[Entries taken from a collection]
◆ ◆ ◆ ◆
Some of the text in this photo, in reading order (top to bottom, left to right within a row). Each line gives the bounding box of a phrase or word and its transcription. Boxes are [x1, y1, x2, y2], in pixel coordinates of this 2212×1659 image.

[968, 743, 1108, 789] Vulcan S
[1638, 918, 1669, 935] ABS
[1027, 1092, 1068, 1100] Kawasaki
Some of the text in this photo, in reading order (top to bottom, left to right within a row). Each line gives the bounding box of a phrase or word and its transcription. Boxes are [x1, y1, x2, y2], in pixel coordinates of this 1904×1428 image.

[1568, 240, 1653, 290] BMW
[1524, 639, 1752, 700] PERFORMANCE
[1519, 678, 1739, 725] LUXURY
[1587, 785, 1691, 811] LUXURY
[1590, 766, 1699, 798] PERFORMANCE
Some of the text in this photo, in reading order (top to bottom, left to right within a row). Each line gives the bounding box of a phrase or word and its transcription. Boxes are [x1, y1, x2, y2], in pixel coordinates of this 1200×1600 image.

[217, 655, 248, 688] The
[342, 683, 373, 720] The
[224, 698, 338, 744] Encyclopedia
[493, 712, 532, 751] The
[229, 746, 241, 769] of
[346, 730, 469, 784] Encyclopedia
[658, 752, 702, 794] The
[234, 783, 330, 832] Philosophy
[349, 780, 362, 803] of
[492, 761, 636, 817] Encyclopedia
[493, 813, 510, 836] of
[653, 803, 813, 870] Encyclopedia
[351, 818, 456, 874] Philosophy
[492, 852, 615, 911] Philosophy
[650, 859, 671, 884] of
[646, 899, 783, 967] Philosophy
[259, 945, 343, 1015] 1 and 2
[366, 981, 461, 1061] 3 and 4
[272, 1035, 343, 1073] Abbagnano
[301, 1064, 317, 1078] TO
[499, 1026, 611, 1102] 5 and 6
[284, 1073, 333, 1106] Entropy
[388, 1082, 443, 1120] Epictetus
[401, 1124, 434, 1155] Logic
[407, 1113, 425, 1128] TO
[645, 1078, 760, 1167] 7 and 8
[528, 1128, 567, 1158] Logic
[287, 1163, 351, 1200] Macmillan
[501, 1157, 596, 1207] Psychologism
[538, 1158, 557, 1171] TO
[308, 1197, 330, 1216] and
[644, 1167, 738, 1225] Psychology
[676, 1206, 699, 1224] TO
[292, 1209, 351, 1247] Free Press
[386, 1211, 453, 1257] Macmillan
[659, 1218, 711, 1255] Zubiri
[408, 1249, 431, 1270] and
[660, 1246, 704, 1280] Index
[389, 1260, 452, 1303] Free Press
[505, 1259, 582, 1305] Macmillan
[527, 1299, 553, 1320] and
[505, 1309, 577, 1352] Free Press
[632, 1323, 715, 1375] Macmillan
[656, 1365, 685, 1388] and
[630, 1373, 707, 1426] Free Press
◆ ◆ ◆ ◆
[Aim of the task]
Copy from the line with "this 1200×1600 image." to the final line of the records, inclusive, and add nothing else.

[Exercise output]
Some of the text in this photo, in reading order (top to bottom, left to right within a row). Each line gives the bounding box of a phrase or word and its transcription. Boxes are [x1, y1, x2, y2], in pixel coordinates of this 1200×1600 image.

[217, 655, 248, 688] The
[342, 683, 373, 720] The
[224, 698, 338, 744] Encyclopedia
[493, 712, 532, 751] The
[229, 746, 241, 769] of
[346, 730, 469, 784] Encyclopedia
[658, 752, 702, 794] The
[234, 783, 330, 832] Philosophy
[349, 780, 362, 803] of
[492, 761, 636, 817] Encyclopedia
[493, 813, 510, 836] of
[653, 803, 813, 870] Encyclopedia
[351, 818, 456, 874] Philosophy
[492, 852, 615, 911] Philosophy
[650, 859, 671, 884] of
[646, 899, 783, 967] Philosophy
[259, 945, 343, 1015] 1 and 2
[366, 981, 461, 1061] 3 and 4
[272, 1035, 343, 1073] Abbagnano
[301, 1064, 317, 1078] TO
[499, 1026, 611, 1102] 5 and 6
[284, 1073, 333, 1106] Entropy
[388, 1082, 443, 1120] Epictetus
[401, 1124, 434, 1155] Logic
[407, 1113, 425, 1128] TO
[645, 1078, 760, 1167] 7 and 8
[528, 1128, 567, 1158] Logic
[287, 1163, 351, 1200] Macmillan
[501, 1157, 596, 1207] Psychologism
[538, 1158, 557, 1171] TO
[308, 1197, 330, 1216] and
[644, 1167, 738, 1225] Psychology
[676, 1206, 699, 1224] TO
[292, 1209, 351, 1247] Free Press
[386, 1211, 453, 1257] Macmillan
[659, 1218, 711, 1255] Zubiri
[408, 1249, 431, 1270] and
[660, 1246, 704, 1280] Index
[389, 1260, 452, 1303] Free Press
[505, 1259, 582, 1305] Macmillan
[527, 1299, 553, 1320] and
[505, 1309, 577, 1352] Free Press
[632, 1323, 715, 1375] Macmillan
[656, 1365, 685, 1388] and
[630, 1373, 707, 1426] Free Press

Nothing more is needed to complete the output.